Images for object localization

★ ★ ★ ★ ★

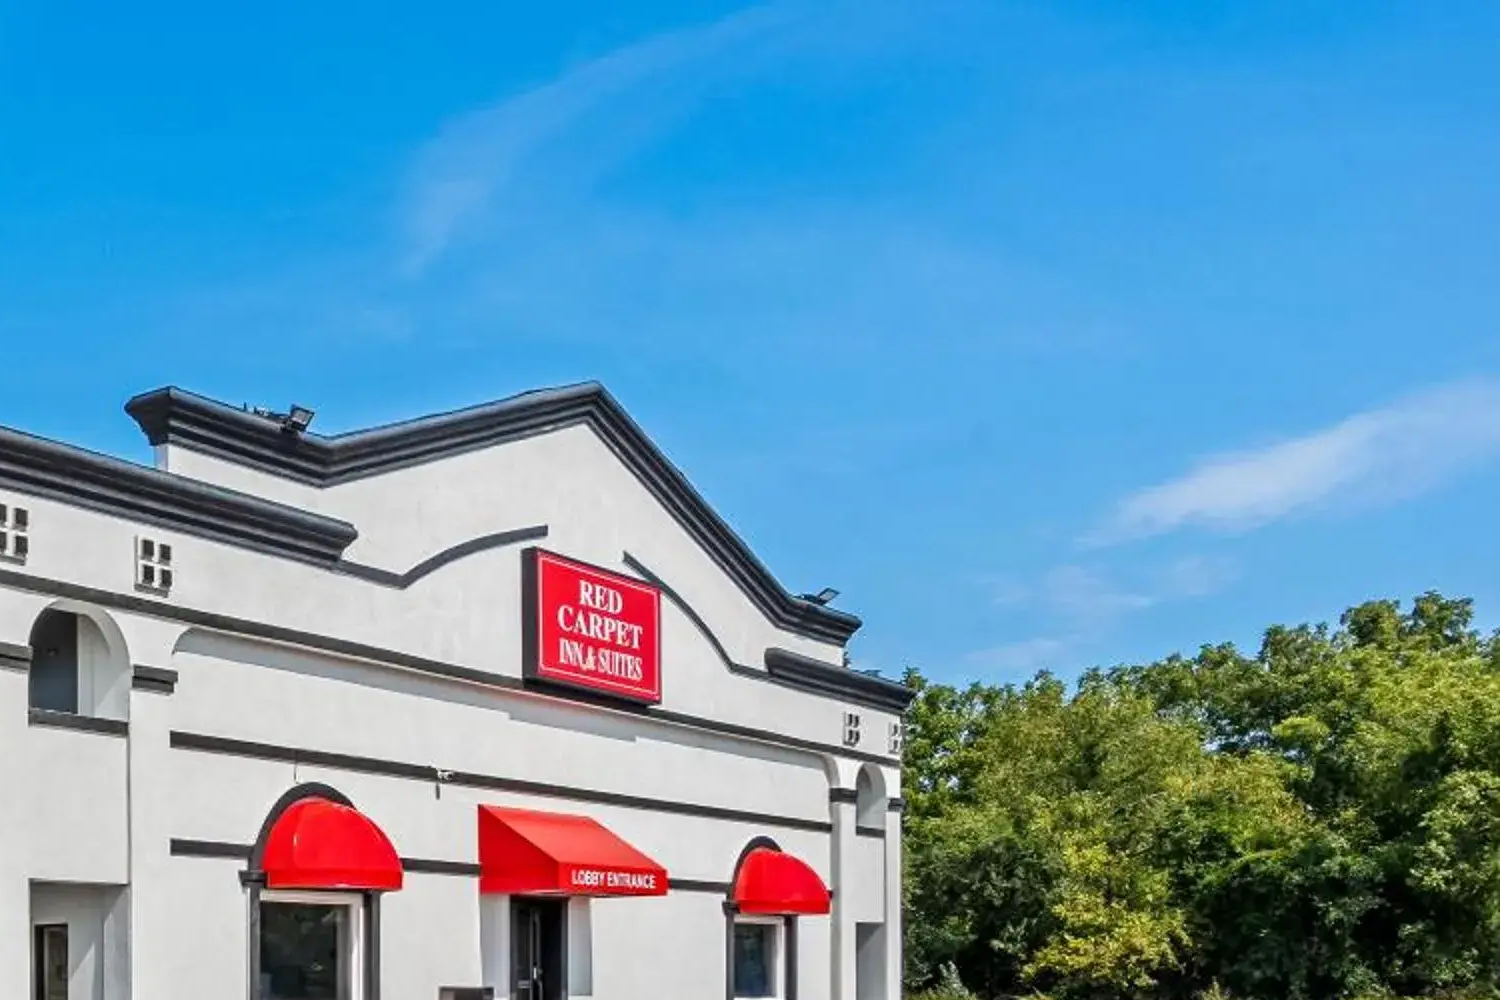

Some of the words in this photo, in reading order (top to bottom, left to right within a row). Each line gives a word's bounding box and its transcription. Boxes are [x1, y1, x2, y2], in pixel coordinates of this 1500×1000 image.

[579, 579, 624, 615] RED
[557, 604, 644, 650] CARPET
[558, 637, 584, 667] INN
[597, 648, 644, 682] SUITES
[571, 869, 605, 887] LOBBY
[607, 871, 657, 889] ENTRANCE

★ ★ ★ ★ ★

Leaving aside the images, write out every entry above exactly.

Some of the words in this photo, in reading order (top to bottom, left to right within a row). Each line gives a word's bounding box and its transcription. Boxes are [x1, y1, x2, y2], in pixel coordinates of this 1500×1000 image.

[579, 579, 624, 615] RED
[557, 604, 644, 650] CARPET
[558, 637, 584, 667] INN
[597, 648, 644, 682] SUITES
[571, 869, 605, 887] LOBBY
[607, 871, 657, 889] ENTRANCE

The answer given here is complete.